Abstract: Currently, the infrastructure of our healthcare systems is at a tipping point due to the surge of patients as a result of the Omicron variant. Surge planning is a critical component of every healthcare facility’s emergency plan and response system. The process of managing and allocating scarce resources by tackling the vulnerability inherent to patients means that defining improvement priorities is one of the main challenges healthcare systems face when responding to a medical surge event (e.g., influenza, COVID-19). The consequences of these challenges include increased patient mortality, staff shortage, long wait times, and unavailability of beds. This project aims to develop computational models that help answer how the constant level of hospital resources and the changing demand for medical care can be modeled. We propose a use-inspired machine/deep learning framework to improve ED operations. To that end, I will present the development of univariate and multivariate forecasting models to forecast daily ED patient visits. The univariate models predict the demand for medical care based on daily patient arrival rates, whereas the multivariate models account for COVID-19 influence and the impact of meteorological factors on patients’ arrival. Next, I will present a machine learning model that utilizes ensemble methods to investigate the prolonged ED length of stay for COVID-19 patients. Health systems have set time-based targets in the past, requiring patients to leave the ED within the first 4 hours of arrival. However, this target has been hard to reach for COVID-19 patients with the ongoing pandemic, leading to operational inefficiencies. The results will help hospital management understand the demand for medical care, efficiently plan and allocate limited ED resources. Finally, I will conclude by providing a glimpse of some of our related ongoing work and future directions.

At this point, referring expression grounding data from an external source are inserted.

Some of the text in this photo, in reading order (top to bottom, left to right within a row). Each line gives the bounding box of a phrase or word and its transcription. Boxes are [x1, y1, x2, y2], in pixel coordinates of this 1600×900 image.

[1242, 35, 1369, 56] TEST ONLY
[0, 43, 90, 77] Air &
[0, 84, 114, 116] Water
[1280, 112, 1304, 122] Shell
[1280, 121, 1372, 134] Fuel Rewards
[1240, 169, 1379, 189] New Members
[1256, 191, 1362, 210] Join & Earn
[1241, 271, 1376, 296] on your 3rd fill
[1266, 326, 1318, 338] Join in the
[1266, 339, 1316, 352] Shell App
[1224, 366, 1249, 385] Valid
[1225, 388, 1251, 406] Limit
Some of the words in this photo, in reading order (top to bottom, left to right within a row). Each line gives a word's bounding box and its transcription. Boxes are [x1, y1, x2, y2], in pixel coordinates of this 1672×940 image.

Bio: Dr. Egbe-Etu Etu is an Assistant Professor of Business Analytics at San Jose State University (SJSU). Before joining SJSU, Dr. Etu received his Ph.D. in Industrial and Systems Engineering from Wayne State University in 2021 and his bachelor’s degree in Civil Engineering from Covenant University, Nigeria, in 2016. His research interest centers on developing use-inspired machine learning models to solve challenging business problems in healthcare, manufacturing, and transportation. His research aims to develop decision-support tools that will help business professionals do their best work, improve resilience and overall system performance while minimizing errors. Dr. Etu is the recipient of the second-place doctoral dissertation presentation award in the 2021 IEOM Annual Conference in Mexico, 2021 ISE second-place excellence in Ph.D. research award, and first place award in the 2020 WSU graduate and postgraduate research symposium. In 2020, he received the IEOM Annual Conference Best Paper Award in the Healthcare Systems track. His research is supported by Blue Cross Blue Shield of Michigan Foundation and the US Department of Transportation (US DOT) grants. He is a member of the Industrial Engineering and Operations Management (IEOM), Institute of Industrial & Systems Engineering (IISE), and SAVE International.